Deploying firewalls, traffic analysis tools, load balancers, and other technologies to prepare defenses before the attack starts, preventing major impact at the onset.攻击中检测与过滤(During the Attack: Detection and Filtering)
在DDoS攻击发生时,通过实时检测流量异常,快速识别恶意流量并进行过滤,确保不影响正常服务。
During an attack, real-time monitoring detects abnormal traffic patterns, allowing malicious traffic to be filtered out while ensuring legitimate traffic continues.攻击源追踪与识别(After the Attack: Source Traceback and Identification)
通过追踪攻击源的IP地址、检测流量路径,识别攻击者的真实位置,为未来的防御做好准备。
After the attack, tracing the source IPs and analyzing the traffic path helps identify the attacker’s location, preparing defenses for future incidents.
DDoS防御的三条防线(Three Lines of Defense Against DDoS)
攻击前预防和预置(Prevention and Preemption Before the Attack)
这些机制使目标能够承受攻击尝试,而不影响合法客户的服务。
These mechanisms enable the victim to endure attack attempts without denying service to legitimate clients.攻击中检测与过滤(Attack Detection and Filtering During the Attack)
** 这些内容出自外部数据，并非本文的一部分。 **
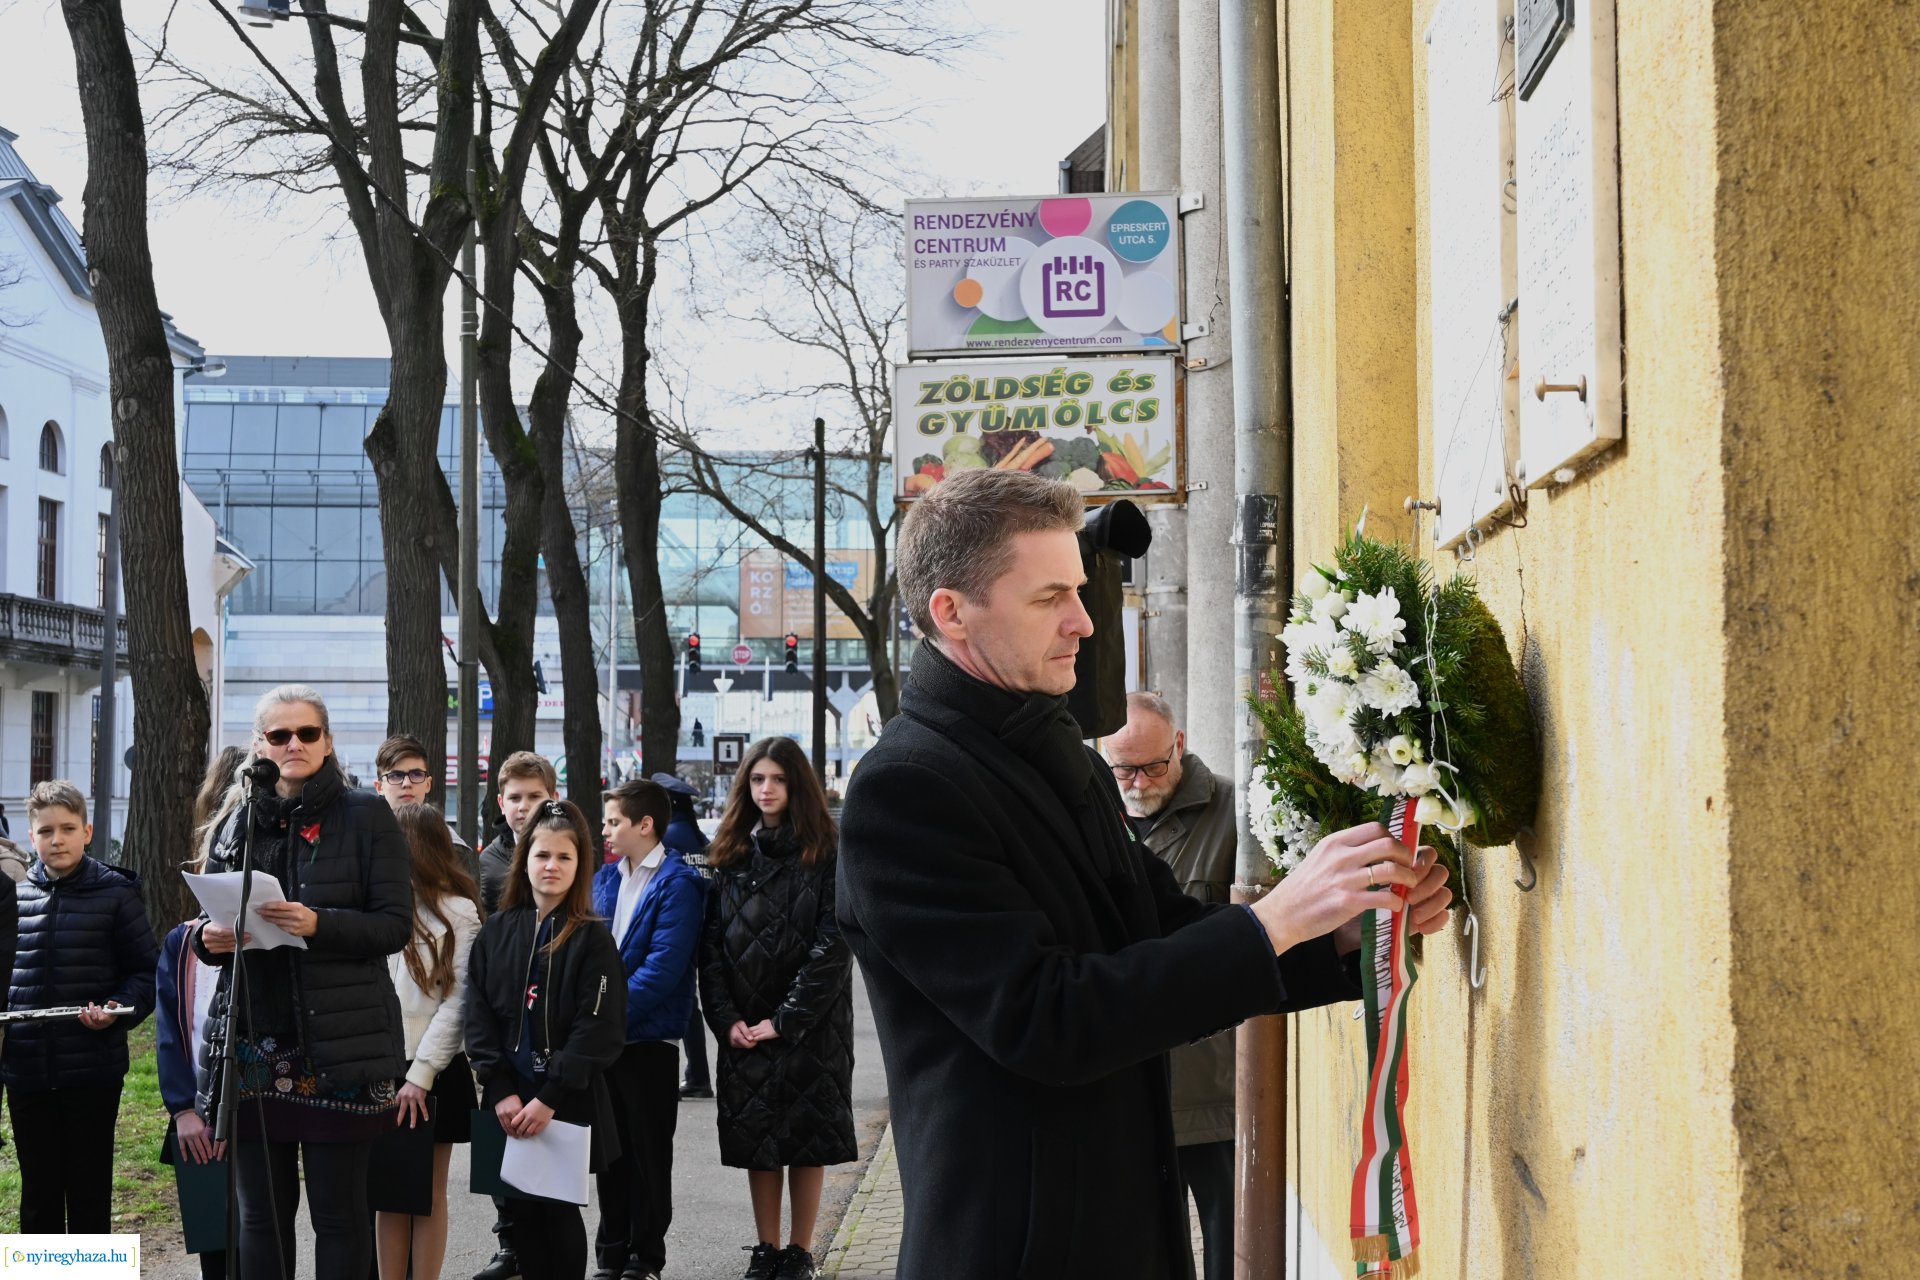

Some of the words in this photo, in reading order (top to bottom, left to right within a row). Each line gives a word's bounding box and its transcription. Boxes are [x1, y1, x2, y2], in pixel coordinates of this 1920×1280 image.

这些机制尽早检测到攻击并做出响应,阻止恶意流量进一步损害系统。
These mechanisms detect the attack as it begins and respond immediately to stop the malicious traffic from further harming the system.攻击源追踪和识别(Attack Source Traceback and Identification During and After the Attack)
尝试识别攻击源,并为未来的攻击防范做好准备。
Attempts to identify the source of the attack as a first step in preventing future attacks.